Having enough time won’t be a problem in Las Vegas. I don’t have to go to bed early. In fact, I‘m better off staying up late. I also don’t need to get up early. The later I sleep, the better. If I’m up too early, I may get tired later in the day. I won’t finish running until about 8 PM. Ideally, I should sleep in, eat a full breakfast and spend the rest of the morning doing something relaxing. I don’t have to get ready for the race until after lunch. If anything, I have too much time. By afternoon, my muscles may tighten up again. I’ll probably have to do some extra stretching.
I’m leading a pace group, so I’ll need to get to the start area early. That may throw off my pre-race schedule a little. In particular, my last opportunity to use a bathroom may be an hour or more before the race. I need to be careful not to over-hydrate.
Most of us take for granted that it will warm up during a race. When you get up, the temperature is near the overnight low. It may warm up a few degrees before the race, but it will still be much cooler before the race than it will be later in the day. I usually worry about having the right clothes to keep me warm until I start running. I usually wear extra clothes to the start area and then discard them before the race. If I’m checking a gear bag, I try to wait as long as possible before heading to the start corrals.
Once I start running, it’s easier to stay warm. If anything, I have to worry about getting too warm later in the race. At my last two races, it was in the 30s before the race, but warmed into the 60s by the time I finished.
A couple years ago, I did the Run for the Ranch Marathon in Springfield, MO. That race is in late December, so there’s a shorter period of daylight.

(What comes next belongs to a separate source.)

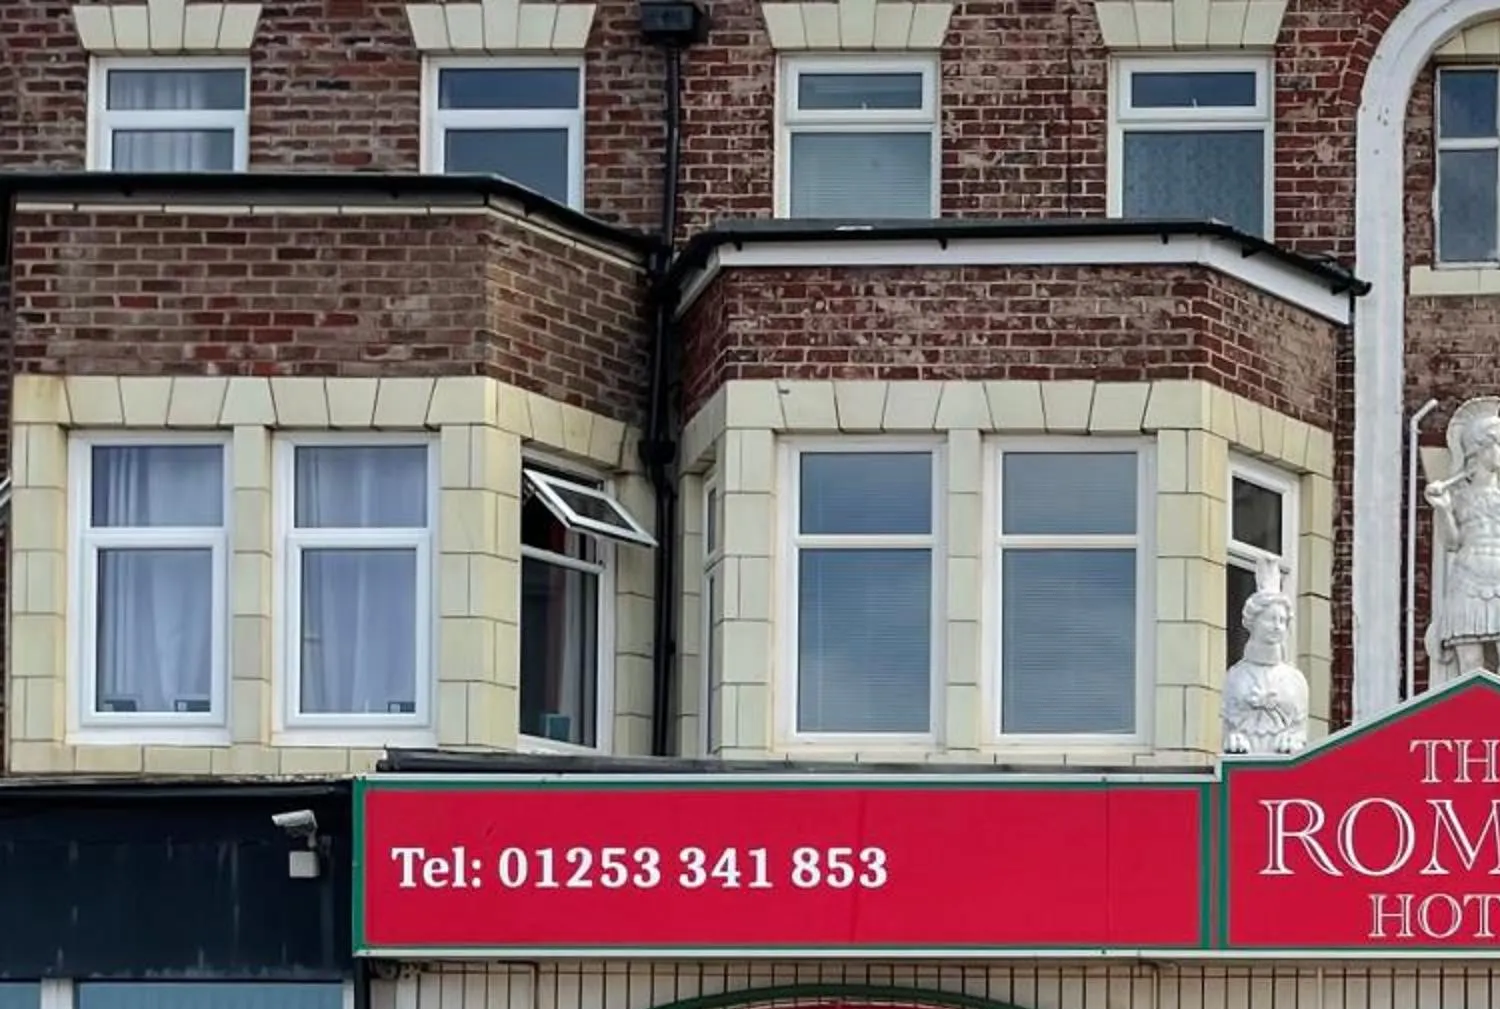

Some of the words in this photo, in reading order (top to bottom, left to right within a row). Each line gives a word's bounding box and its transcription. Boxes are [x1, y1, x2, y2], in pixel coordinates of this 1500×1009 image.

The race didn’t start until the early afternoon. We didn’t have to worry about it being dark before the race, but I noticed the temperature was dropping in the second half of the race. People who took longer to finish had to worry about finishing before it got dark.
For my Las Vegas race, it’s going to be about 60 degrees when I’m lining up to start. That’s kind of convenient. I can line up sooner without getting cold. Once I start running, the temperature will gradually drop. It will probably be closer to 50 when I finish. It will also be dark. Not having any sunlight will make it feel colder. I’ll need warm clothes in a gear bag for after the race.
When a race starts in the morning, I usually finish before noon. If there are post-race snacks, they usually take the place of lunch. After I get back to my hotel, I’ll take another bath and take my time stretching. If the hotel has a whirlpool, I may go there to loosen up my legs. I’ll also work on my legs with a massage stick. It’s often mid-afternoon before I’m dressed and ready to go out again. Instead of a late lunch, I usually wait a few more hours and refuel with a large dinner.
I won’t finish this race until 8 PM. If it takes a long time to leave the finish area, it could be 9 PM before I get back to the hotel. Obviously, I’ll be having dinner much later than usual. Even if I eat a quick dinner at a restaurant in our hotel, I’ll be getting to bed much later than usual. I’ll be surprised if I get to bed before midnight.
It’s amazing how much our pre-race and post-race routines depend on things we take for granted. Mine assume that I’ll start getting ready as soon as I wake up. A later start is convenient, but when it’s too late, everything changes.